> Exercise directions
If an entry holds a picture, drop the picture but restate the entry word for word.
==============================
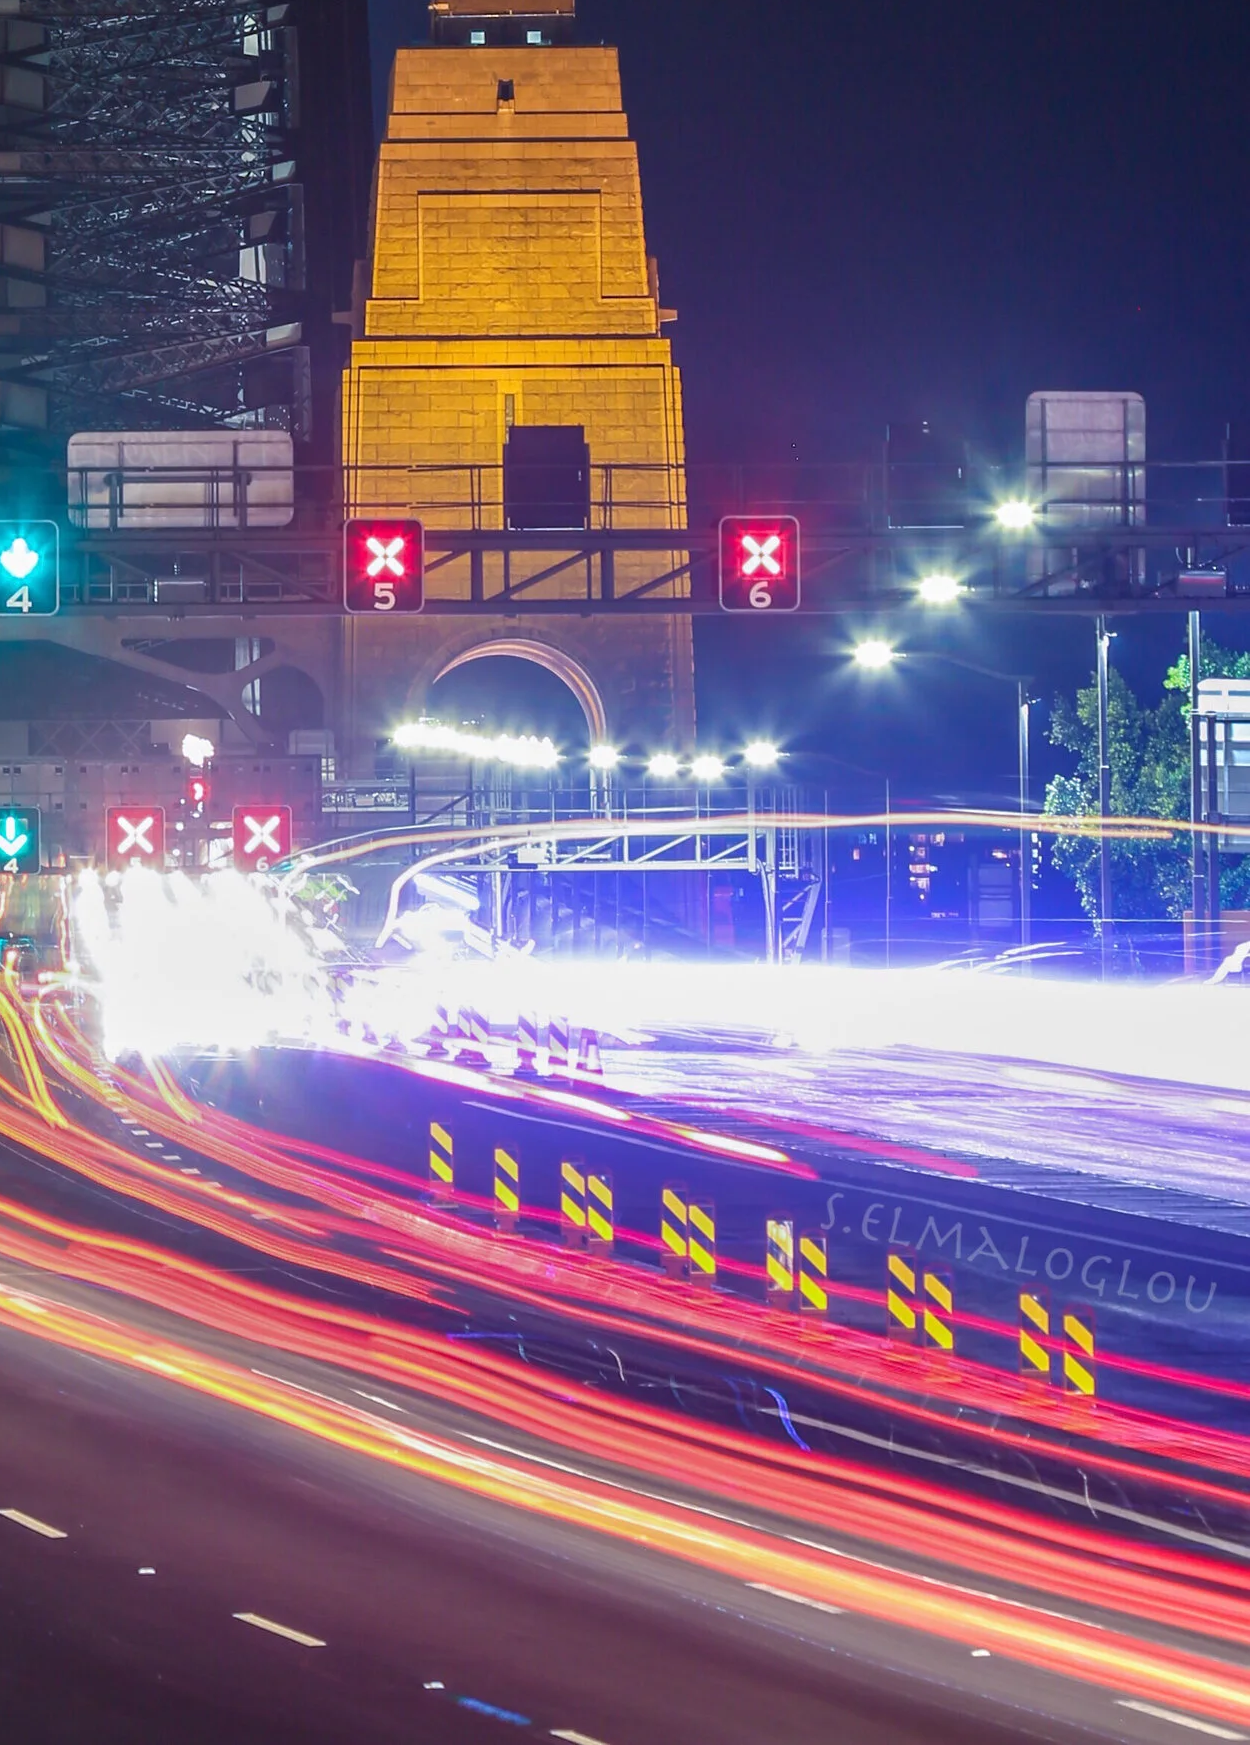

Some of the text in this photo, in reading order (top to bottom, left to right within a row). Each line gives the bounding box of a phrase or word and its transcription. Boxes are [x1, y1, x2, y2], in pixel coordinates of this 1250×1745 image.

[6, 585, 32, 613] 4
[373, 582, 396, 611] 5
[749, 581, 772, 609] 6
[3, 857, 19, 874] 4
[256, 856, 269, 872] 6
==============================
> Response to the exercise
Some of the text in this photo, in reading order (top to bottom, left to right within a row). Each line gives the bounding box of a phrase or word and its transcription. Boxes are [x1, y1, x2, y2], in pixel coordinates of this 1250×1745 image.

[6, 585, 32, 613] 4
[373, 582, 396, 611] 5
[749, 581, 772, 609] 6
[3, 857, 19, 874] 4
[256, 856, 269, 872] 6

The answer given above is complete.